Overview of heart failure
Congestive heart failure, also known as heart failure (HF) is a condition which results from any structural or functional heart disorder that impairs the heart’s ability to pump sufficient blood through the body. Although HF can occur at any age, it is more common among the elderly people as age-related changes tend to reduce the functional efficiency of the heart. Further, this group of the population is more likely to have disorders that damage the heart muscle.
Heart failure constitutes a major public health problem in the Western world. This condition affects nearly five million Americans with an incidence nearly 10 per 1000 persons among individuals above 65 years of age.1 Five-year survival rates of HF patients had been estimated to be only 45% in women and 59% in men.2
The diagnosis of HF is complex. Early diagnosis of HF is essential in order to adequately control the underlying disease or causes.
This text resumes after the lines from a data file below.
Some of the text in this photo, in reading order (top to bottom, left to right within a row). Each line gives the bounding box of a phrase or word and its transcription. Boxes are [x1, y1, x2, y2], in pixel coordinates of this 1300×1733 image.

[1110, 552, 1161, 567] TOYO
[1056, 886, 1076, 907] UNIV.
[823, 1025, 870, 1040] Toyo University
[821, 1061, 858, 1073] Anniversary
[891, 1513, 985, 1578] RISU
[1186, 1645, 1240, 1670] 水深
Evaluation of symptomatic patients with suspected HF focuses on confirming the diagnosis, determining the cause, identifying concomitant illnesses, establishing the severity and directing the therapy. The goals of the HF therapy include targets on improving the survival by slowing down the disease progression, alleviating the symptoms and minimizing the risk factors. Lifestyle modifications help in controlling the symptoms and improving the quality of life.
Classification of heart failure
There are many different ways to classify HF. Each depends upon the following criteria:
- The side of the affected heart—left HF or right HF.
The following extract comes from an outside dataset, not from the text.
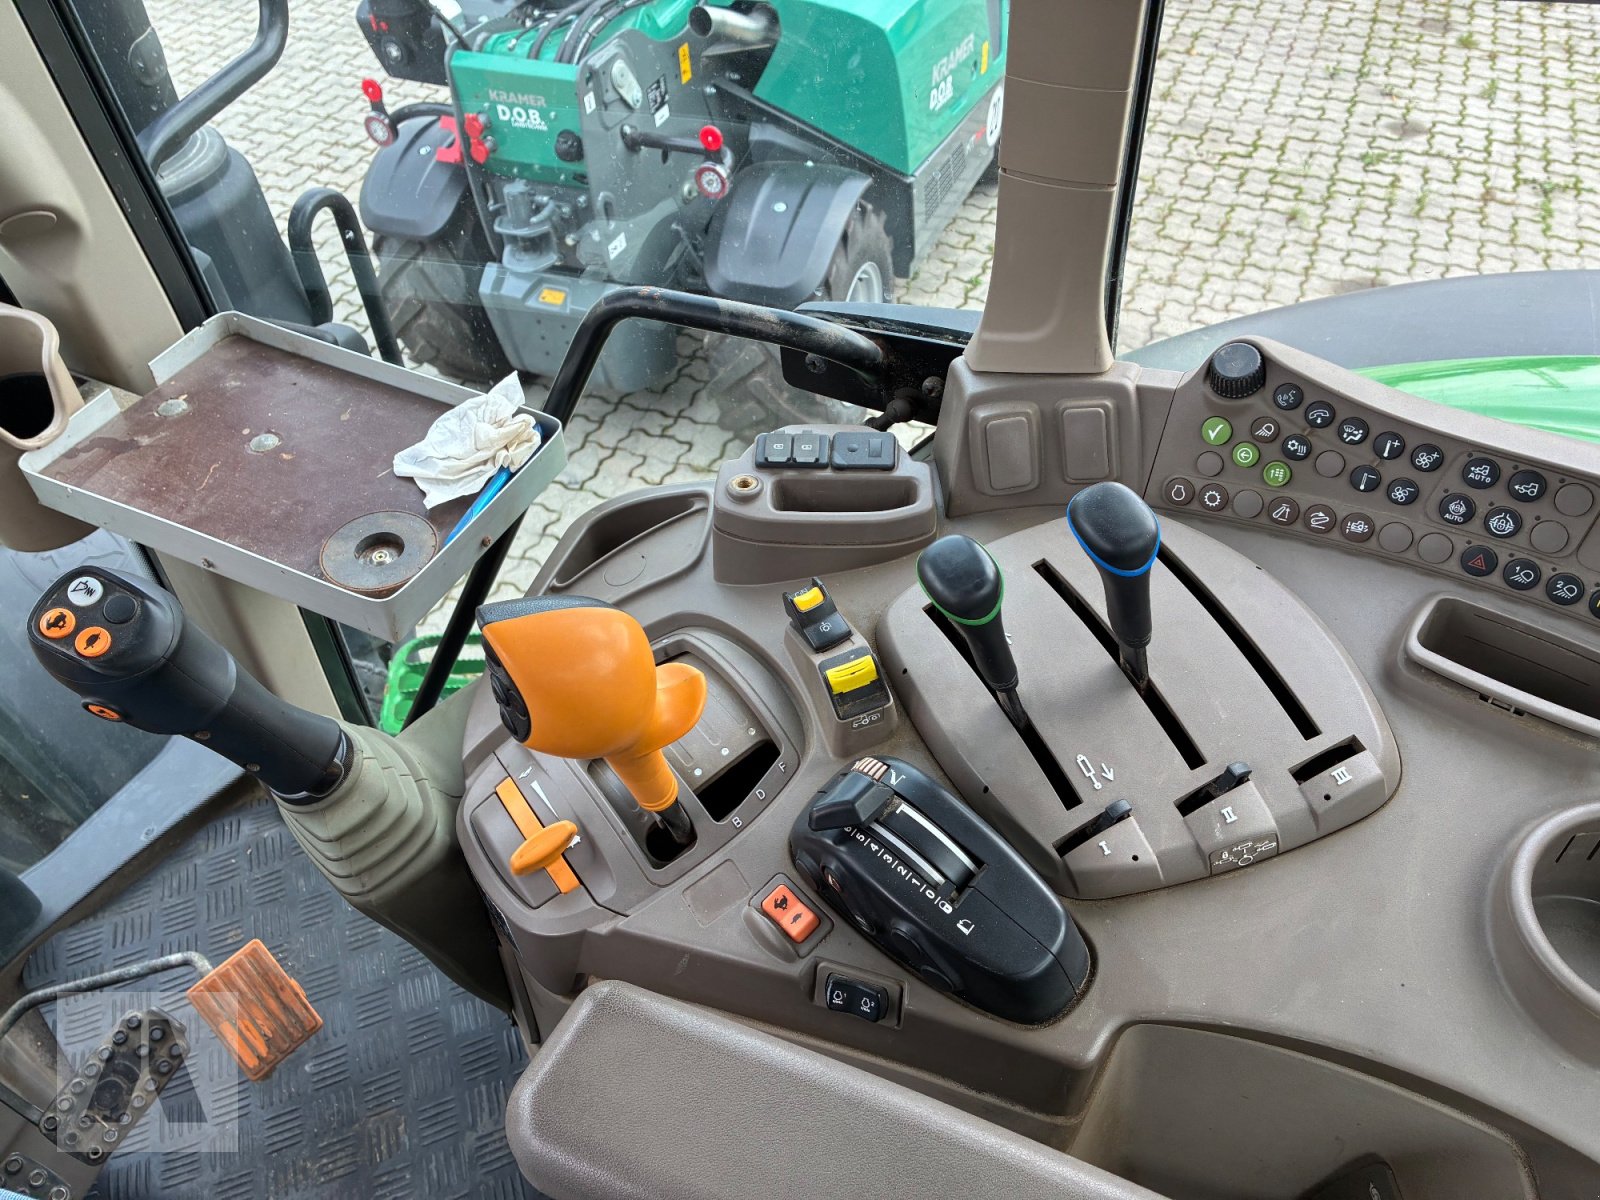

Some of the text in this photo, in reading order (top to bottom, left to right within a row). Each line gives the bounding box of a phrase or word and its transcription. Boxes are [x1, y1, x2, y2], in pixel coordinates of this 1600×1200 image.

- The type of the abnormality—either due to contraction (systolic dysfunction) or relaxation (diastolic dysfunction) of the heart.
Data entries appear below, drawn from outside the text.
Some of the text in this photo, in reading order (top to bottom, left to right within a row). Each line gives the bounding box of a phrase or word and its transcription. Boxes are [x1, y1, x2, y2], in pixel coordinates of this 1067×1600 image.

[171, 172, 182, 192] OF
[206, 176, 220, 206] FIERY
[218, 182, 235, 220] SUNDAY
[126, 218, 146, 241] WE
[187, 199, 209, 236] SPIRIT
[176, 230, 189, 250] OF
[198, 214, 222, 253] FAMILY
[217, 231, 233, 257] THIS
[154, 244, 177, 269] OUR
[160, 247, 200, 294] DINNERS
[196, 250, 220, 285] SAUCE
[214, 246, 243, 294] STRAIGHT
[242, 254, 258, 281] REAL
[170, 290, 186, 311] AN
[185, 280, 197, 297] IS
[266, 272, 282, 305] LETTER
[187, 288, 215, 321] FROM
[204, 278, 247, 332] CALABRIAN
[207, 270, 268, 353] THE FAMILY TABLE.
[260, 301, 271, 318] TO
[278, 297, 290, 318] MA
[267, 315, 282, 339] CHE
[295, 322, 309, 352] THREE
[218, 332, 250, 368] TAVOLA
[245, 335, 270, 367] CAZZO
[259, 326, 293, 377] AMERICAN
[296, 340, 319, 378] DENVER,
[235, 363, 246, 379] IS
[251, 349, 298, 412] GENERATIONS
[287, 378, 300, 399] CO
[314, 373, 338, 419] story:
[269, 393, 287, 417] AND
- The cause of the failure—either due to low cardiac output or high systemic vascular resistance (low- vs. high-output failure).
- The extent of functional impairment caused by the abnormality.
The New York Heart Association (NYHA) Functional Classification which documents severity of symptoms is widely used in the clinical practice and in clinical studies to quantify the clinical assessment of HF and to assess response to the treatment.3 The NYHA functional classifications based on physical activities are:
- Class I: No limitation in any activities.
- Class II: Mild limitation of activity.
- Class III: Marked limitation of any activity.
- Class IV: Symptoms of HF occur even at rest.
Etiology and Pathophysiology of heart failure ( Causes of heart failure)
The most common causes of HF are listed below:
- Coronary artery disease (CAD)—accounts for nearly 70% of all HF cases.4
- Cardiomyopathy (diseases of the heart muscle).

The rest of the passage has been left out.